Records drawn from a dataset:

======

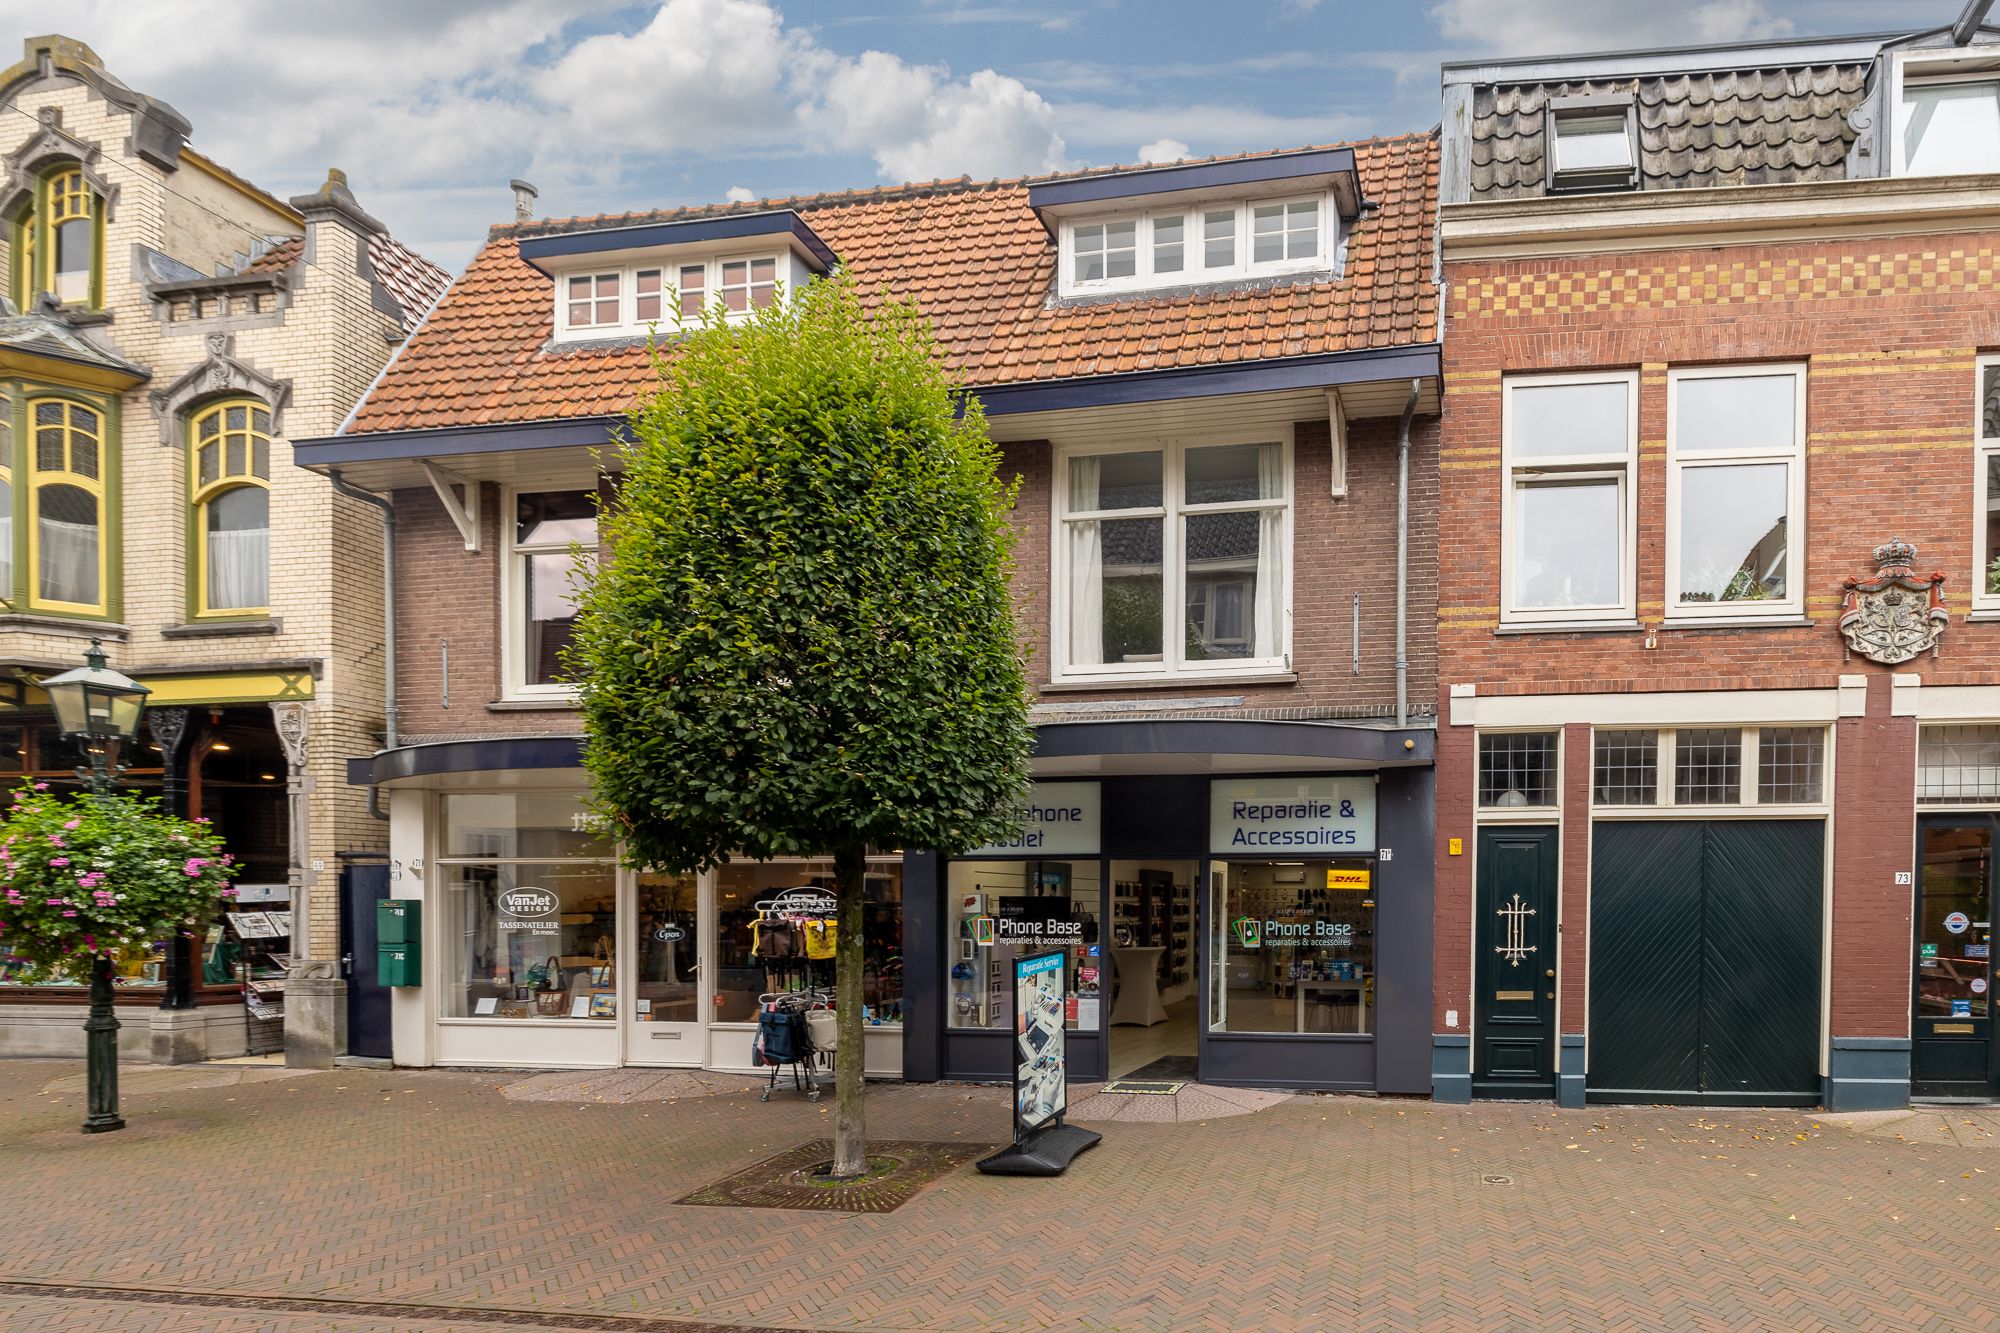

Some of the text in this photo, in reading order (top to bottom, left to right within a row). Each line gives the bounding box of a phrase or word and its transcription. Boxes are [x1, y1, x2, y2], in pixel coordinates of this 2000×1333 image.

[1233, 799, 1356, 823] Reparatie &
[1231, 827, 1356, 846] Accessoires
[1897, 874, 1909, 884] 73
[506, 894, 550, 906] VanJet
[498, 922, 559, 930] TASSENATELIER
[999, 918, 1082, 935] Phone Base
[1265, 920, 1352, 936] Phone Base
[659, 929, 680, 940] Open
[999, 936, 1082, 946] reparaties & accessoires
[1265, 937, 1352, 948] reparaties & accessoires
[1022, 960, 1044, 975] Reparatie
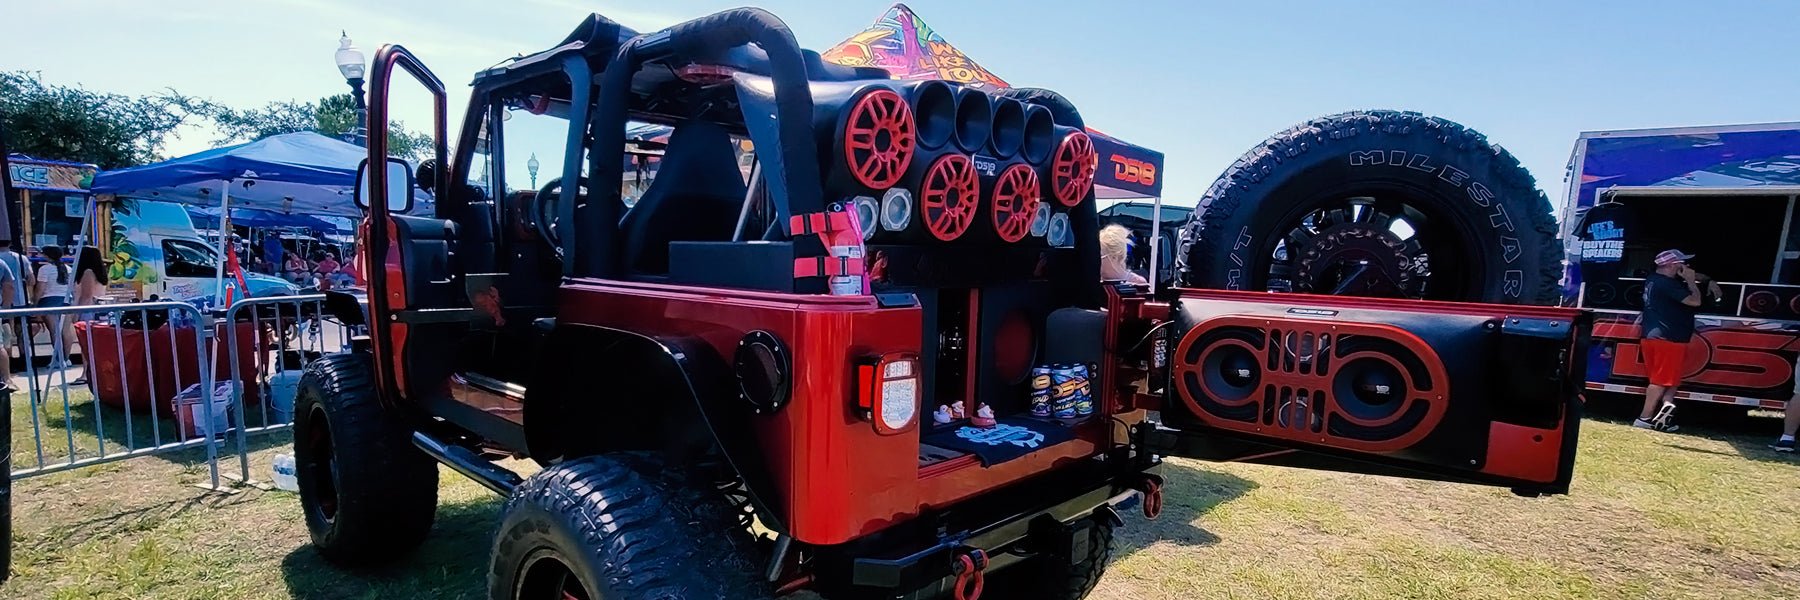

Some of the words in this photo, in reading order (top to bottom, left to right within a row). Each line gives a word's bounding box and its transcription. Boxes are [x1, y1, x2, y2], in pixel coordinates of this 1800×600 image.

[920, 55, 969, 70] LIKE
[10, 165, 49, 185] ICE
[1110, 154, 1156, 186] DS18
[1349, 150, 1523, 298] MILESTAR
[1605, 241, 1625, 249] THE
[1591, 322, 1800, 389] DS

======

Provide an exact copy of the records, excluding every picture.

Some of the text in this photo, in reading order (top to bottom, left to right within a row). Each line gives the bounding box of a phrase or word and its transcription. Boxes are [x1, y1, x2, y2], in pixel coordinates of this 2000×1333 image.

[1233, 799, 1356, 823] Reparatie &
[1231, 827, 1356, 846] Accessoires
[1897, 874, 1909, 884] 73
[506, 894, 550, 906] VanJet
[498, 922, 559, 930] TASSENATELIER
[999, 918, 1082, 935] Phone Base
[1265, 920, 1352, 936] Phone Base
[659, 929, 680, 940] Open
[999, 936, 1082, 946] reparaties & accessoires
[1265, 937, 1352, 948] reparaties & accessoires
[1022, 960, 1044, 975] Reparatie

Some of the words in this photo, in reading order (top to bottom, left to right within a row). Each line gives a word's bounding box and its transcription. Boxes are [x1, y1, x2, y2], in pixel coordinates of this 1800×600 image.

[920, 55, 969, 70] LIKE
[10, 165, 49, 185] ICE
[1110, 154, 1156, 186] DS18
[1349, 150, 1523, 298] MILESTAR
[1605, 241, 1625, 249] THE
[1591, 322, 1800, 389] DS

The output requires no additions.